そもそもはNETFLIX社が自社用で開発した動画品質評価ライブラリですが、それをOSSとして提供してくれています。

github.com

アーキテクチャ

今回構築した可視化システムのアーキテクチャです。弊社ではシステムのプラットフォームには主にGoogle Cloudを利用しており、以下のようにシンプルな構成で構築できました。

アーキテクチャ

データのパイプラインは以下の通りです。

  1. エンコードサーバーでエンコード完了後、ffmpegコマンドを実行してVMAFスコアを取得する。取得したスコアはファイル出力し、圧縮してCloud Storageにアップロードする。
  2. Cloud Functionsの関数は、Cloud Storageへのファイナライズでトリガーし、1.でアップロードされたファイルの内容をBigQueryにロードする。
  3. BigQueryに蓄積したデータはBIツールで可視化する。

Google CloudではETL処理にはDataflowの利用も考えられますが、弊社では使い慣れたGoで実装した関数をCloud FunctionsにデプロイしてETLを構築することが多いです。今回は特に必要ありませんでしたがデータの加工や制御などを柔軟に行えることや、Goに慣れているエンジニアが多いことが理由となります。

以下はCloud Functionsにデプロイしている関数です(多少マスクしています)。

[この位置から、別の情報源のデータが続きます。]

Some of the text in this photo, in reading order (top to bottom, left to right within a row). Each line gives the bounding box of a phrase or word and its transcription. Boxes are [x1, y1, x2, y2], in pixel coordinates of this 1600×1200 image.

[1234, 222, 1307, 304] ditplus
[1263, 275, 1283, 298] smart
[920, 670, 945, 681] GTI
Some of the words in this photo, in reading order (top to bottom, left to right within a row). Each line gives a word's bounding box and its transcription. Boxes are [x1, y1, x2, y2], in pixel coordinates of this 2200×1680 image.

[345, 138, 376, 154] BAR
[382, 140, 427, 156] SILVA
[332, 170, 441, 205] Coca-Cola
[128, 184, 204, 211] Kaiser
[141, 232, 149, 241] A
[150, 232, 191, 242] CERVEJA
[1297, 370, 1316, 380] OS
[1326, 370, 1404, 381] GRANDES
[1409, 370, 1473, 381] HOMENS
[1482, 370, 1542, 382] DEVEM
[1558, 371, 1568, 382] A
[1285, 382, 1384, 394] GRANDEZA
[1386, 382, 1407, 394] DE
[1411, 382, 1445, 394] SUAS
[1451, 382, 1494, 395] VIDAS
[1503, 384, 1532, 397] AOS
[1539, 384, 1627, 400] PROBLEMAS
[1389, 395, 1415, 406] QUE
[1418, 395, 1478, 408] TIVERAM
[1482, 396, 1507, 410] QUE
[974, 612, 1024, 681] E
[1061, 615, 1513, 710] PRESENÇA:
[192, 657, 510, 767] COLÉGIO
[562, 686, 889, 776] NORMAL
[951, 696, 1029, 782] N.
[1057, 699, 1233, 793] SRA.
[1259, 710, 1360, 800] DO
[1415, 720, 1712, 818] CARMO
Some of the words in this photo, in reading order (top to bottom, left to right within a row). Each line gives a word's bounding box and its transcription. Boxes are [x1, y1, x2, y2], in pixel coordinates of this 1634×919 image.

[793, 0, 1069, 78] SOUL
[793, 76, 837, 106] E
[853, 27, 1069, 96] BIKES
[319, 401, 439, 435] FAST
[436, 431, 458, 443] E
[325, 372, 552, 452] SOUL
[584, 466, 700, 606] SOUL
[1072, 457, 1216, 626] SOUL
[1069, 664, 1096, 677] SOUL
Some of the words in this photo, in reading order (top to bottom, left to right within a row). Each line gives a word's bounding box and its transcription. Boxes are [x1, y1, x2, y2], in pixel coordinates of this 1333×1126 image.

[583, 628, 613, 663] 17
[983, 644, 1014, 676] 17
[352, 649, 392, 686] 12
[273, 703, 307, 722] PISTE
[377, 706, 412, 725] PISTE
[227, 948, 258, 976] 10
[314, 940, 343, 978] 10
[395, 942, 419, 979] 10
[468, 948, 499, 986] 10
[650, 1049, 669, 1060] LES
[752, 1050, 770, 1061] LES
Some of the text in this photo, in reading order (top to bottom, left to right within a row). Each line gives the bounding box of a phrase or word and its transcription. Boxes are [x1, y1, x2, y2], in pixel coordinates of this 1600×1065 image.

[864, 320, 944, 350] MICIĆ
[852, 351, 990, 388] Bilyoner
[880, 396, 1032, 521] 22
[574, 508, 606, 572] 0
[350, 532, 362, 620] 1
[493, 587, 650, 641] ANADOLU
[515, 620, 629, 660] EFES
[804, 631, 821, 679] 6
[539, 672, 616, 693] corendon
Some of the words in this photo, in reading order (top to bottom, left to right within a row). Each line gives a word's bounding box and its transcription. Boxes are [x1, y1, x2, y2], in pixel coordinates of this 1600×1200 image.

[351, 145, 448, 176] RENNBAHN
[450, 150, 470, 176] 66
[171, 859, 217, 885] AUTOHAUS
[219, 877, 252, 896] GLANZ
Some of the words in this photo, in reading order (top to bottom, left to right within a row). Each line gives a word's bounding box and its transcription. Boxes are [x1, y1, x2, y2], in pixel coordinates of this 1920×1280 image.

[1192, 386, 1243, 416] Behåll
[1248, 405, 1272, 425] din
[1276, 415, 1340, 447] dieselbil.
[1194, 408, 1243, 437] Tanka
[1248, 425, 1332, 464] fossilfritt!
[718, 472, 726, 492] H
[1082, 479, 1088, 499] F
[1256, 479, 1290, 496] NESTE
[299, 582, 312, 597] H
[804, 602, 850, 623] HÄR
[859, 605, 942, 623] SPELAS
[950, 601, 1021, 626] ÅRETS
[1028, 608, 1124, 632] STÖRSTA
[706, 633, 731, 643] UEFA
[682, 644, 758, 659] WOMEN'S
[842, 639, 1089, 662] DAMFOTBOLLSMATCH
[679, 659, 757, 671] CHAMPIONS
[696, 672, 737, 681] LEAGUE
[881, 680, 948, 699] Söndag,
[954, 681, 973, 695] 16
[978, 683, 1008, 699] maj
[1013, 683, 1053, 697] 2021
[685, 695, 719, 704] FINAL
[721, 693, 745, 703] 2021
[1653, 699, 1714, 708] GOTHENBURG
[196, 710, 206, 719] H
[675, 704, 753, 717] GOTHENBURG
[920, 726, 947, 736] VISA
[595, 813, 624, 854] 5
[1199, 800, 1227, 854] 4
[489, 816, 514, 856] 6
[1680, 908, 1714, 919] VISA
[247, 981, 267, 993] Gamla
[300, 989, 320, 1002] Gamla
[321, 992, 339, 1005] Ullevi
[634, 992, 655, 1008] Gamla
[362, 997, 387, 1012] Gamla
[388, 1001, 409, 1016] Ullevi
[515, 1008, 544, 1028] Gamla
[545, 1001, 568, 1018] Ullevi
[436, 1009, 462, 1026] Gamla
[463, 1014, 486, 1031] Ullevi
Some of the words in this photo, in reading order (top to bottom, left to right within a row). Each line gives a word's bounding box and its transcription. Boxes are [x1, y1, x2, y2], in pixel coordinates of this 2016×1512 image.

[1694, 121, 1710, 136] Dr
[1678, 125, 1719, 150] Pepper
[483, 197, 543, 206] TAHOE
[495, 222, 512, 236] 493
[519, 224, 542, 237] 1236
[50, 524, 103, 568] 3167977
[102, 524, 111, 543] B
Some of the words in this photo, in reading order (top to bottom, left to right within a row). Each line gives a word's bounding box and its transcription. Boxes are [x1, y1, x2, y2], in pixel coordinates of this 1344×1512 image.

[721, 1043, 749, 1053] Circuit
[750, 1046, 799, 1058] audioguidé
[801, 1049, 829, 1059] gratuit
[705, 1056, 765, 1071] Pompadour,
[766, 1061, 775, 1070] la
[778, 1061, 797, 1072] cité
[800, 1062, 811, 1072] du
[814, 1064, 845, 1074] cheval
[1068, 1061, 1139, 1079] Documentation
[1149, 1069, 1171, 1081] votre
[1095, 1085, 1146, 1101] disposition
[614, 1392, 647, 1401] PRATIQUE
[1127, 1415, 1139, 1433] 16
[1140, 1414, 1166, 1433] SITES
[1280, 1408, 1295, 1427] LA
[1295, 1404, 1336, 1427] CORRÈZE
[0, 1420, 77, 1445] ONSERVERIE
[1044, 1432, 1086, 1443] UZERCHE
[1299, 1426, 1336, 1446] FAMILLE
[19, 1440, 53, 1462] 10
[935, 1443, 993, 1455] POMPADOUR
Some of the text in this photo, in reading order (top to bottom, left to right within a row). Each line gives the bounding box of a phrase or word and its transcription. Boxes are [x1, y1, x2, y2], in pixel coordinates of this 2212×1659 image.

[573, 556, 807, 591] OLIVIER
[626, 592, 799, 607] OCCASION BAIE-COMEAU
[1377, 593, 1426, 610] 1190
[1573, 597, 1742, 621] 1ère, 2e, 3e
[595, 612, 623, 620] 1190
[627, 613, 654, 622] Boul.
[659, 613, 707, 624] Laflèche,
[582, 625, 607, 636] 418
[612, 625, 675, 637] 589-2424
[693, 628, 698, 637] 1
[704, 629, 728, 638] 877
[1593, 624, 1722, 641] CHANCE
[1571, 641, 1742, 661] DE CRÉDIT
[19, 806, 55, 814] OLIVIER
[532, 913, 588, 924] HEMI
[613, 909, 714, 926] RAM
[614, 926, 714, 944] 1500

プラス独自のlogger.goを実装しているのと、本来、getBigQuerySchema関数にはBigQueryのテーブルのスキーマ情報を記載するのでもう少しボリュームは大きくはなりますが、ロジックの実装量自体はそれほど大きくありません。

package function

import (
    "context"
    "fmt"
    "log"
    "os"

    "masked-path/logger" # パスはマスク
    "cloud.google.com/go/bigquery"
    "cloud.google.com/go/logging"

    "github.com/GoogleCloudPlatform/functions-framework-go/functions"
    "github.com/cloudevents/sdk-go/v2/event"
)

type GCS struct {
    Bucket string `json:"bucket"`
    Name   string `json:"name"`
}

func init() {
    // Register a CloudEvent function with the Functions Framework
    functions.CloudEvent("importVMAF", importVMAF)
}

// importVMAF はCloudEvent オブジェクトの受理と処理を行う
func importVMAF(ctx context.Context, e event.Event) error {
    // ロガー設定
    if err := logger.NewLogger(ctx, os.Getenv("GCP_PROJECT_ID"), os.Getenv("LOG_ID")); err != nil {
        log.Fatal(err)
    }
    logger.Log("========== Start VMAF Importer ==========", logging.Info)

    // BigQueryのクライアント設定
    client, err := bigquery.NewClient(ctx, os.Getenv("GCP_PROJECT_ID"))
    if err != nil {
        logger.Log(fmt.Sprintf("bigquery.NewClient: %v", err), logging.Error)
        return err
    }
    defer client.Close()

    // GCS構造体にCloudEventデータをunmarshal
    var gcs GCS
    if err := e.DataAs(&gcs); err != nil {
        logger.Log(fmt.Sprintf("e.DataAs: %v", err), logging.Error)
        return err
    }
    gsutilURI := fmt.Sprintf("gs://%s/%s", gcs.Bucket, gcs.Name)

    // ローダーの作成
    gcsReference := bigquery.NewGCSReference(gsutilURI)
    gcsReference.SourceFormat = bigquery.JSON
    gcsReference.Compression = bigquery.Gzip
    gcsReference.Schema = getBigQuerySchema()
    loader := client.Dataset(os.Getenv("DATASET_ID")).Table(os.Getenv("BIGQUERY_TABLE_NAME")).LoaderFrom(gcsReference)
    // 追加モードでロードするように指定
    loader.WriteDisposition = bigquery.WriteAppend

    // ジョブ実行
    job, err := loader.Run(ctx)
    if err != nil {
        logger.Log(fmt.Sprintf("loader.Run: %v", err), logging.Error)
        return err
    }

    // ジョブ待ち
    status, err := job.Wait(ctx)
    if err != nil {
        logger.Log(fmt.Sprintf("job.Wait: %v", err), logging.Error)
        return err
    }
    // ジョブのエラーを確認
    if err := status.Err(); err != nil {
        logger.Log(fmt.Sprintf("status.Err: %v", err), logging.Error)
        return err
    }
    logger.Log("Data loaded successfully", logging.Info)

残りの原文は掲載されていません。